AIM OF THE EXERCISE :: Output the listing word for word, minus pictures.

PROVIDED ENTRIES ::
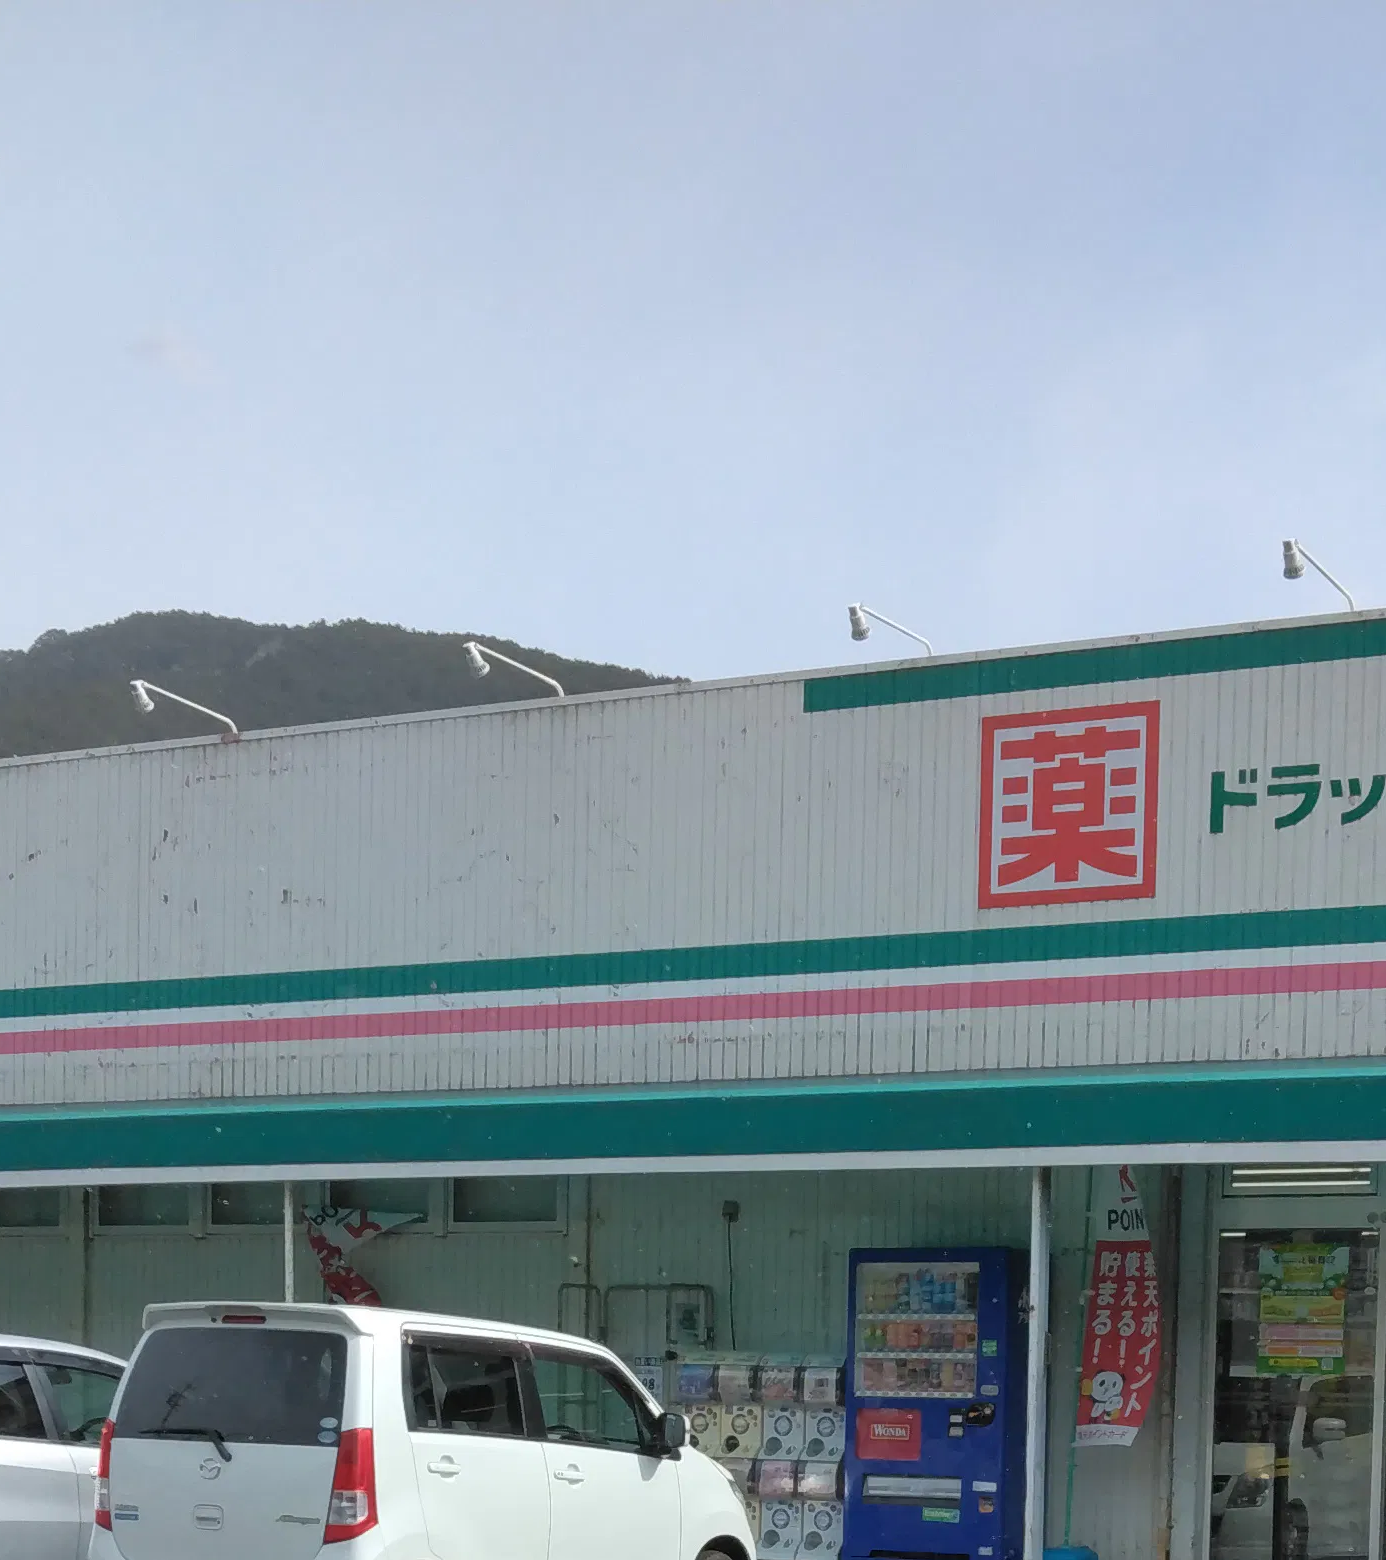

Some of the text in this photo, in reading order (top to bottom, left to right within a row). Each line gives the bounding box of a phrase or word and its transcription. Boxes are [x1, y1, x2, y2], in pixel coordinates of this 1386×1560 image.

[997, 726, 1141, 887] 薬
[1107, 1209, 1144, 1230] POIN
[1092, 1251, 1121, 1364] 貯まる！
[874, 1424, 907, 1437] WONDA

RESULT ::
Some of the text in this photo, in reading order (top to bottom, left to right within a row). Each line gives the bounding box of a phrase or word and its transcription. Boxes are [x1, y1, x2, y2], in pixel coordinates of this 1386×1560 image.

[997, 726, 1141, 887] 薬
[1107, 1209, 1144, 1230] POIN
[1092, 1251, 1121, 1364] 貯まる！
[874, 1424, 907, 1437] WONDA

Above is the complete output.